Women, college graduates, Democrats more likely to self-isolate to reduce coronavirus risks
MEDFORD/SOMERVILLE, Mass (July 20, 2020)—Women, older Americans, Democrats and people with more education are more likely to try to isolate themselves from contact with other people to reduce COVID-19 transmission risks, according to a new Tufts University national survey.
The survey also identified notable differences in whether people have received testing for COVID-19 based on geographic regions, age group, educational level, political affiliation, income, race/ethnicity and gender. Those who have been tested for COVID-19 most commonly live in the Northeast, are affiliated with the Democratic party, and are African American, according to the research.
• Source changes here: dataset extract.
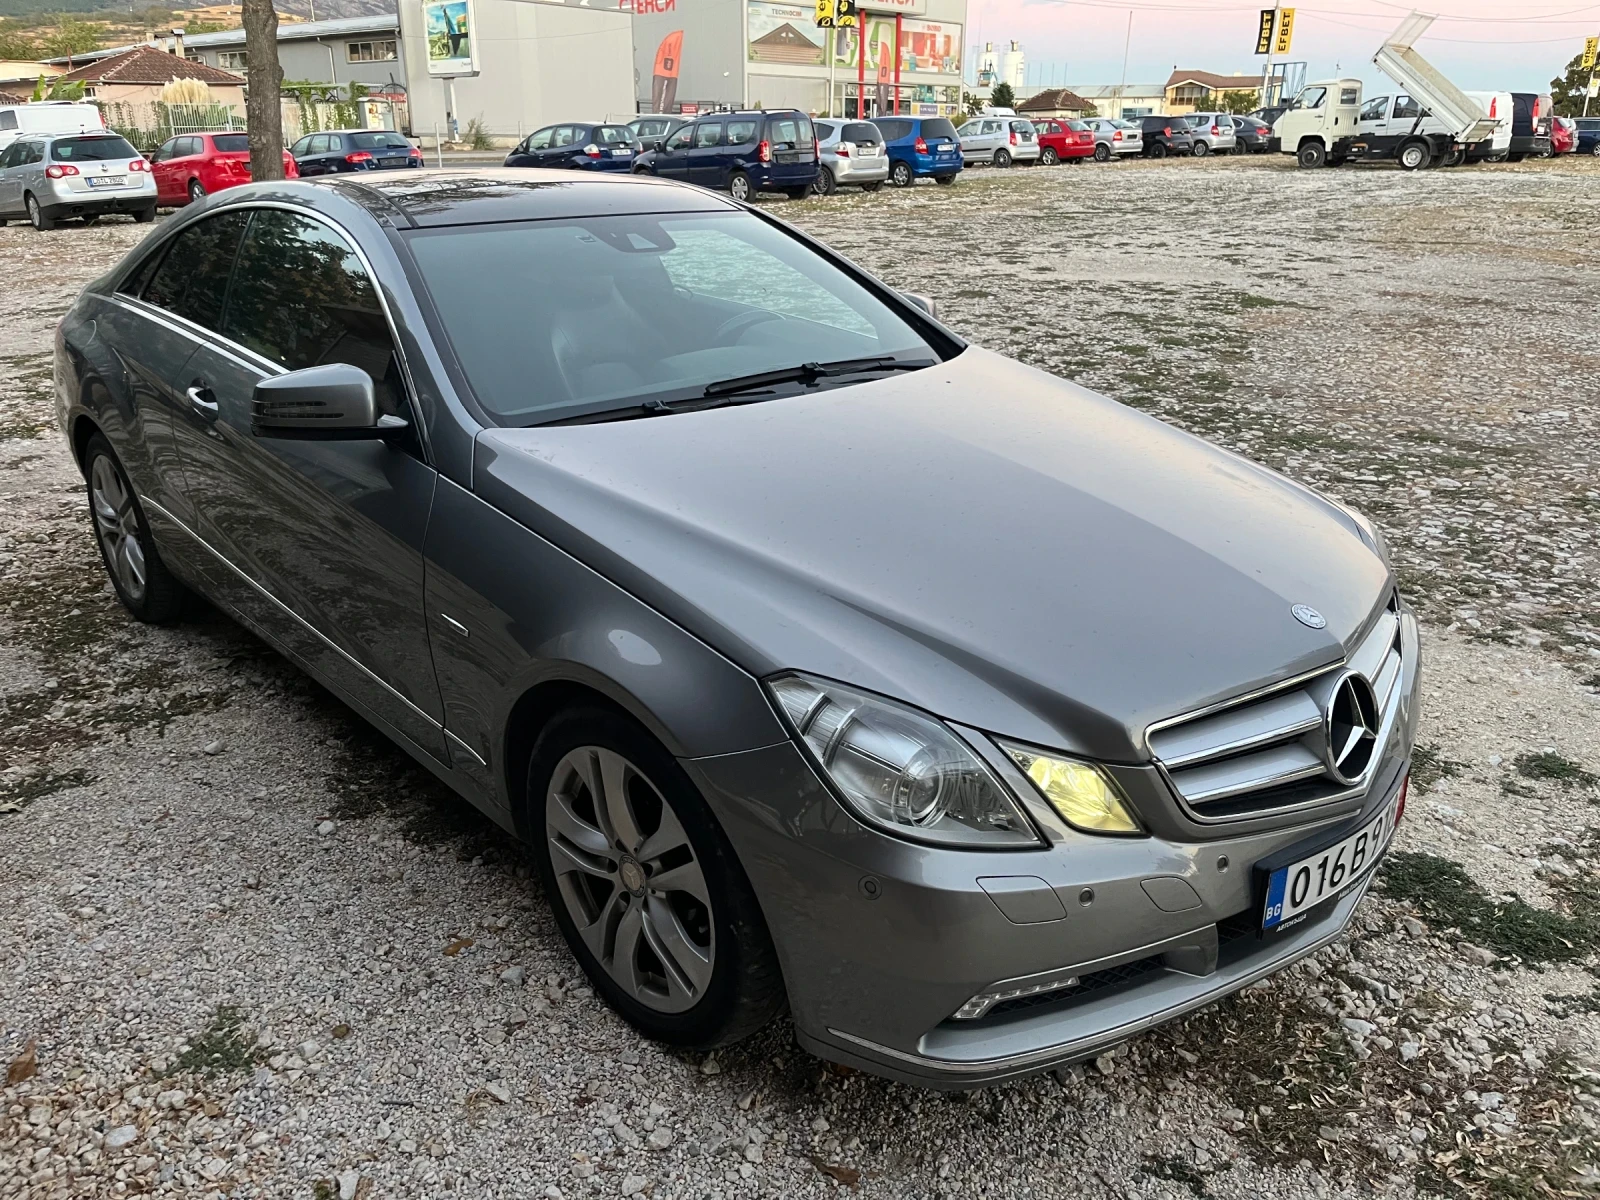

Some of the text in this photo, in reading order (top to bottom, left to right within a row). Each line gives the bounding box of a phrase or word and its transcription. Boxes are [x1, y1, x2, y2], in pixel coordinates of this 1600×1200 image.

[1258, 12, 1272, 52] EFBET
[1277, 12, 1291, 52] EFBET
[1265, 903, 1282, 921] BG
“The results of our survey indicate that there are significant demographic and geographic differences in how people respond to COVID-19 pandemic risks, and that these disparities in protective responses need to be taken into account by public health and public policy officials,” said Tom Stopka, an epidemiologist at Tufts School of Medicine, and a co-lead on the study.
“As public health officials continue to increase access to testing across the U.S. in light of persistent surges in COVID-19 infections in many states, they need to consider how to increase testing in geographic hotspots and the highest-risk groups to better understand infection patterns and inform data-driven public health and clinical responses,” Stopka added.
The survey was designed and analyzed by Tufts University’s Research Group on Equity in Health, Wealth and Civic Engagement. The research group previously released data showing that only 57 percent of Americans plan to get vaccinated for COVID-19. The group will soon release additional research about the economic impacts of the pandemic.